No, I don't "refute" things that you say about TS because of your claims of
Hallorann's hacked-off arm :) First you insisted that his arm is hacked off,
now it's "there is definitely >something< amiss about that shot of Hallorann
lying dead on the floor". Are you speaking of his arm still? Or are you
speaking of something else now? :) Don't be evasive son.....spit it
out....this is a newsgroup. And here you are again, bringing up what *others*
have written and analyzed about that scene. Why not post a few portions of
those articles (if they're not at the upcoming upgraded TKS). Or better
yet....*you* tell me and everyone else *in your own words* what it is that you
see in that scene or in that shot. Don't be shy....this is a newsgroup. We're
supposed to be here to help each other and exchange ideas in understanding
Kubrick's work....not play dueling banjos with each other :) Kubrick won't
mind if you tell us. He'd be right proud of you.

If there is no hacked-off arm, then why did you bring it up in the first place?
Well, you could have been in error....that's okay. But let us know what it is
that you think is amiss.

>What >are< you saying, Mark? Ignore the research, ideas, and
>contributions of others? Drawing on and learning from the ideas of
>others to support, advance or refute a theory is how we advance our
>knowledge. Your own ideas might have much more substance if you could
>corroborate them with some supporting evidence.

I'll tell ya what....I'll find some things that *Hitchcock* said about his own
film, and you do the same. Then we'll post them. I have *NEVER* seen any
serious literature that would have me believe that Psycho is leading us to the
conclusion of a serial killer, and then because of a single few seconds of film
at the conclusion (and a purely symbolically visual one at that), the whole
film has been about "possession" by the dead mother all along :) You may be
falling too much for all the scenes of mother "talking" to Norman, when in fact
it is he who is mimicking his mother's former voice.

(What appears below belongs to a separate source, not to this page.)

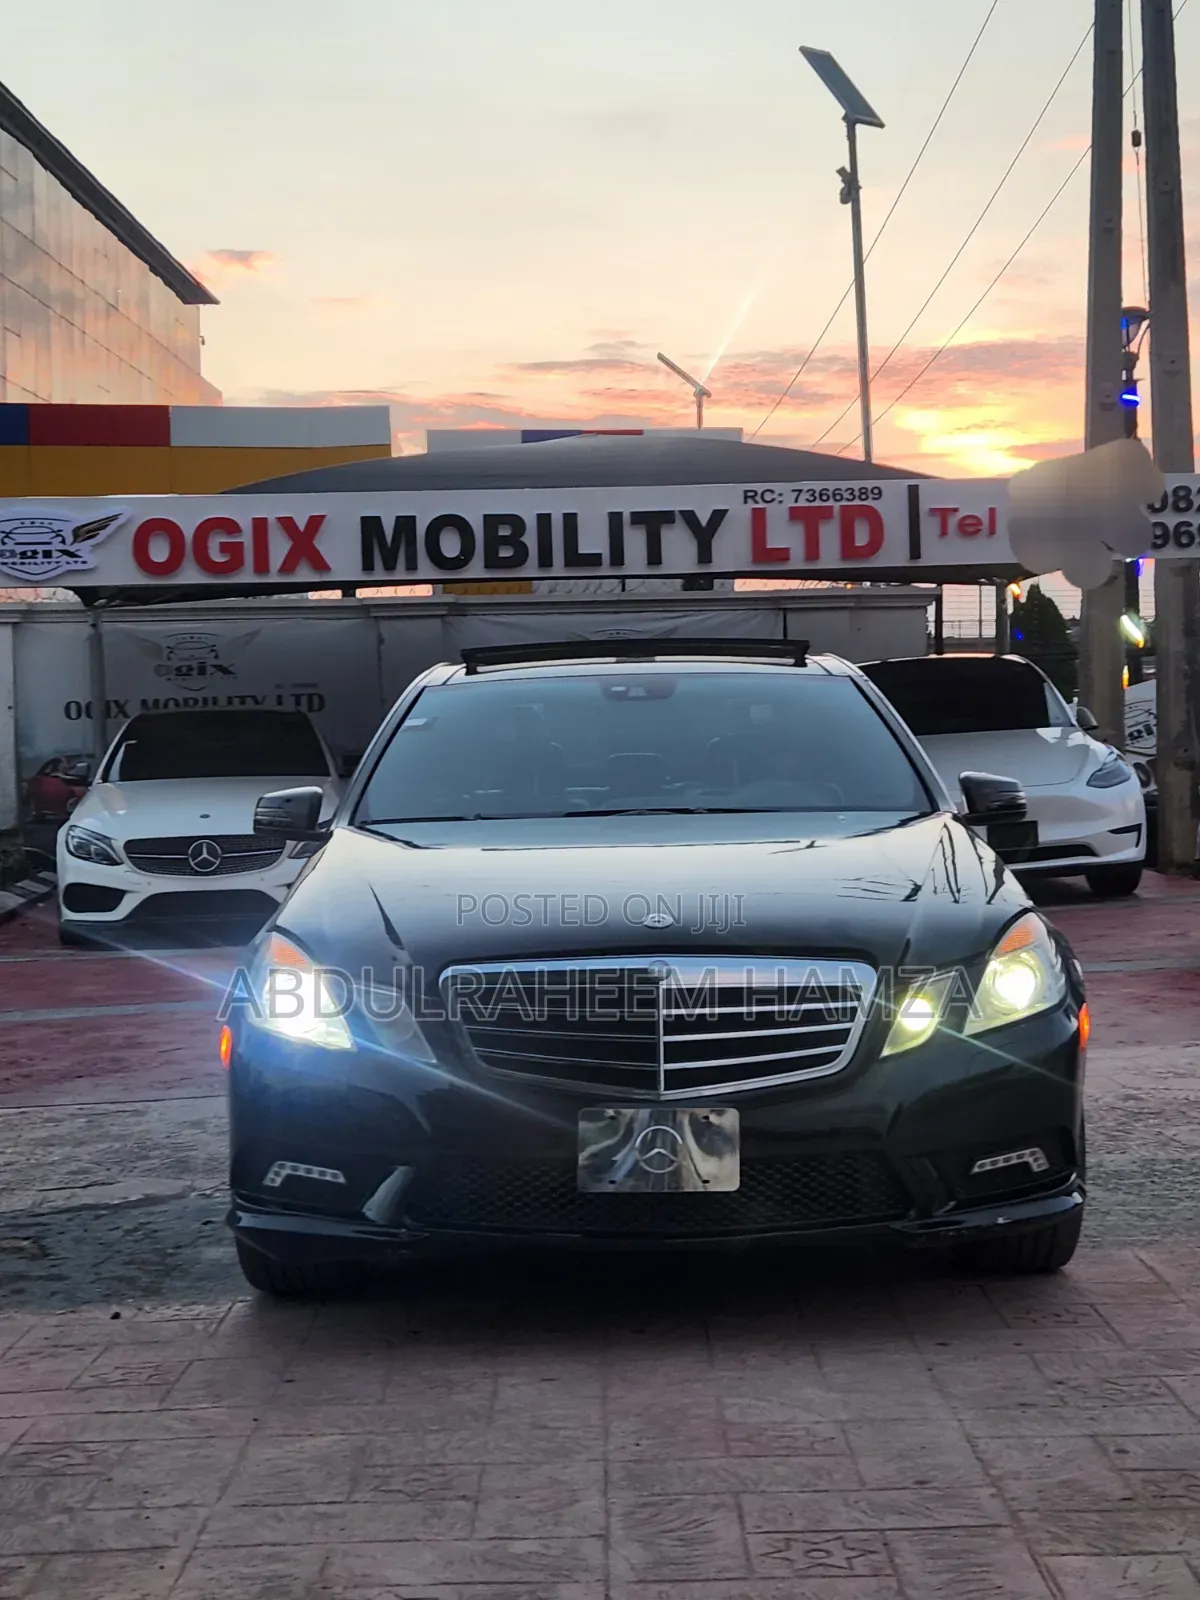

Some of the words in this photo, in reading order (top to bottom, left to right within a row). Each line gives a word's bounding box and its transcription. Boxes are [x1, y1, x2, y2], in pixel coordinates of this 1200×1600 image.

All the literature,
critics, and film scholars who I have read and met never once talked about the
film as actually being about the supernatural. It is *axiomatic* , in the world
of cinema and film culture (and even with people who have never seen the film),
that Norman's mother only exists in his mind. He has kept her dead body around
the house via taxidermy. There is no "possession* by his mother's "ghost".
Shhesh.....someone talk me down from here :)

>Says who?

Please post a few of those articles that say the contrary...and be sure to
include what Hitchcock has said about his own film. Maybe include something by
Robert Bloch too, the author of the novel. He didn't write about possession
either, and Hitchcock never deviated from that.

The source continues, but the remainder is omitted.